PROVIDED RECORDS START
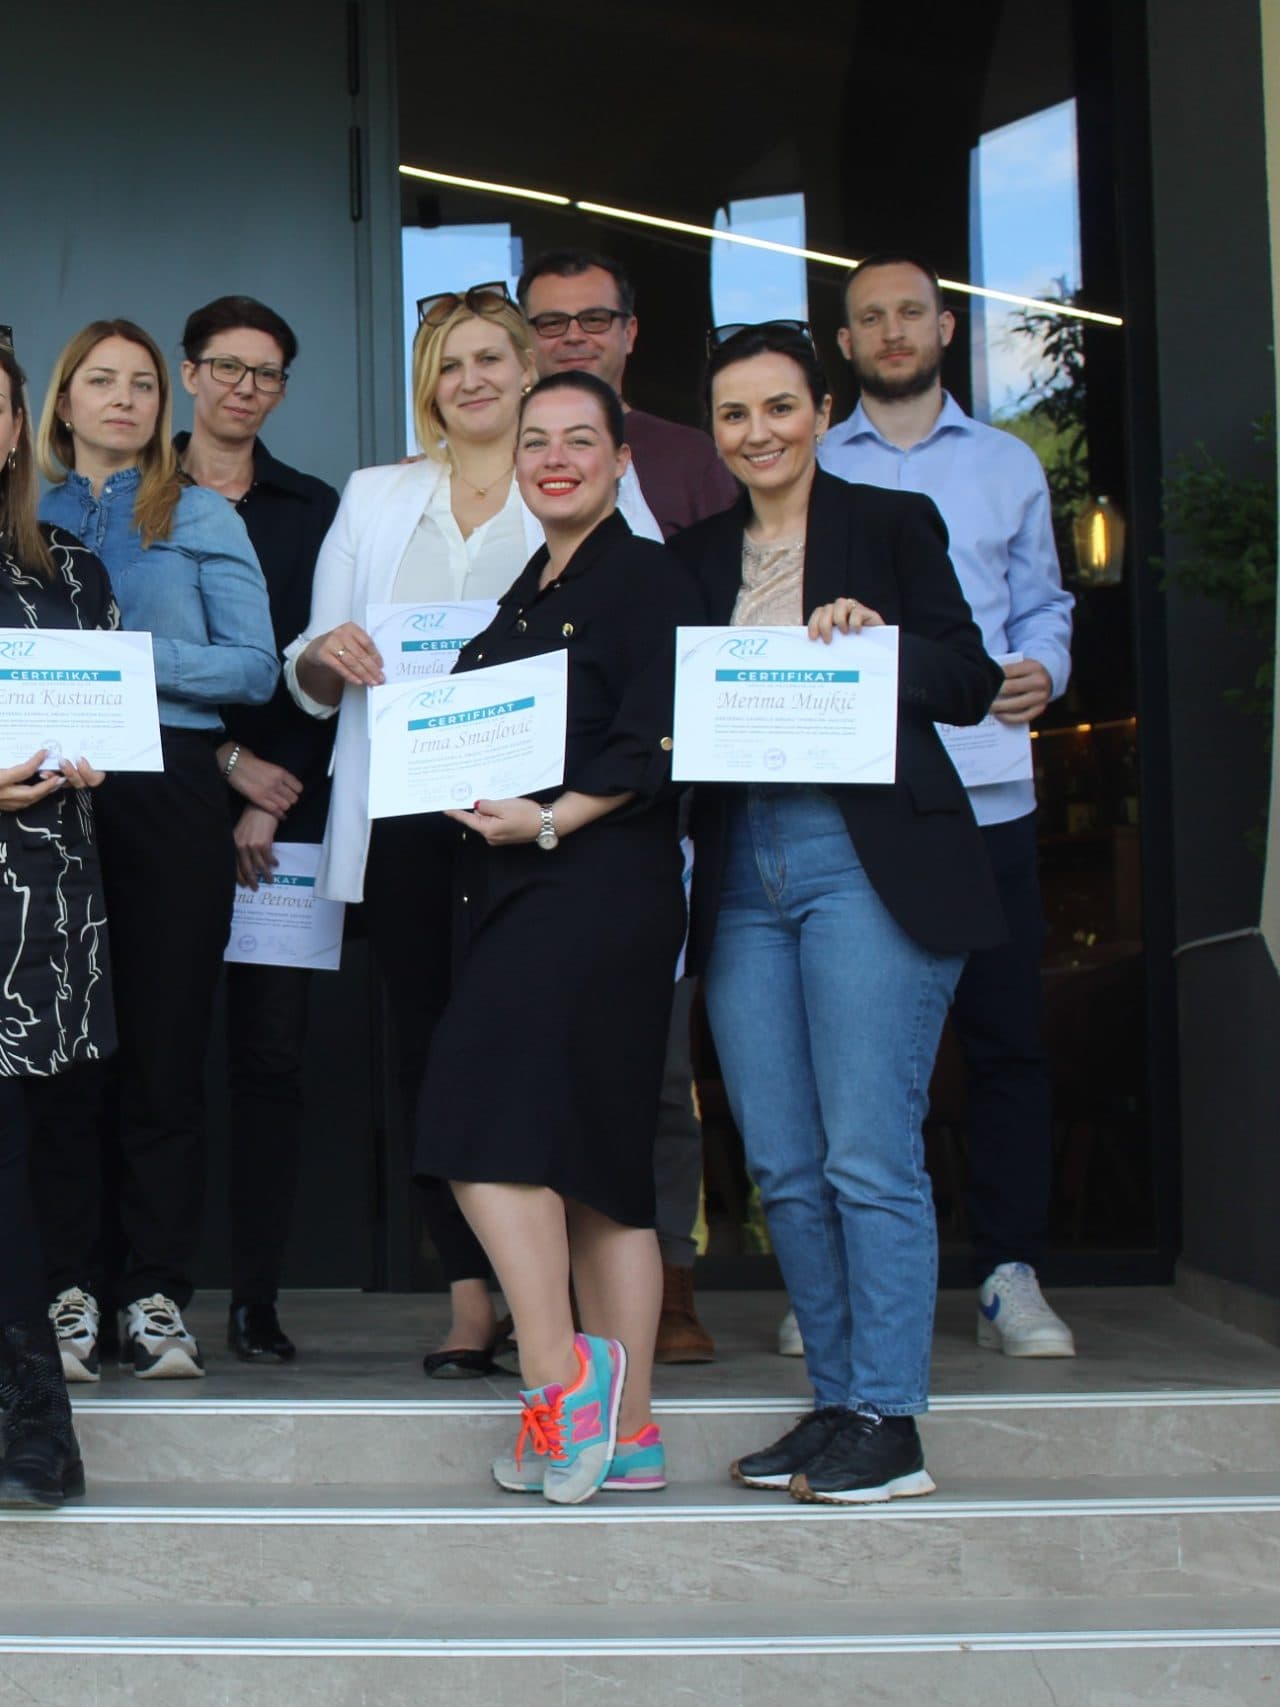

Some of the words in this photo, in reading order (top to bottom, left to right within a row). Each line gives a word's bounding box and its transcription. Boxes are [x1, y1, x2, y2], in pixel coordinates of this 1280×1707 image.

[421, 640, 463, 650] CERTI
[10, 670, 100, 681] CERTIFIKAT
[736, 671, 836, 682] CERTIFIKAT
[40, 688, 124, 708] Kusturica
[717, 691, 785, 710] Merima
[791, 690, 857, 715] Mujkić
[428, 703, 516, 728] CERTIFIKAT
[410, 738, 450, 754] Irma
PROVIDED RECORDS END
WHAT IS NEEDED: Skip the pictures and reproduce all remaining entries exactly.

ANSWER TO THIS TASK:
Some of the words in this photo, in reading order (top to bottom, left to right within a row). Each line gives a word's bounding box and its transcription. Boxes are [x1, y1, x2, y2], in pixel coordinates of this 1280×1707 image.

[421, 640, 463, 650] CERTI
[10, 670, 100, 681] CERTIFIKAT
[736, 671, 836, 682] CERTIFIKAT
[40, 688, 124, 708] Kusturica
[717, 691, 785, 710] Merima
[791, 690, 857, 715] Mujkić
[428, 703, 516, 728] CERTIFIKAT
[410, 738, 450, 754] Irma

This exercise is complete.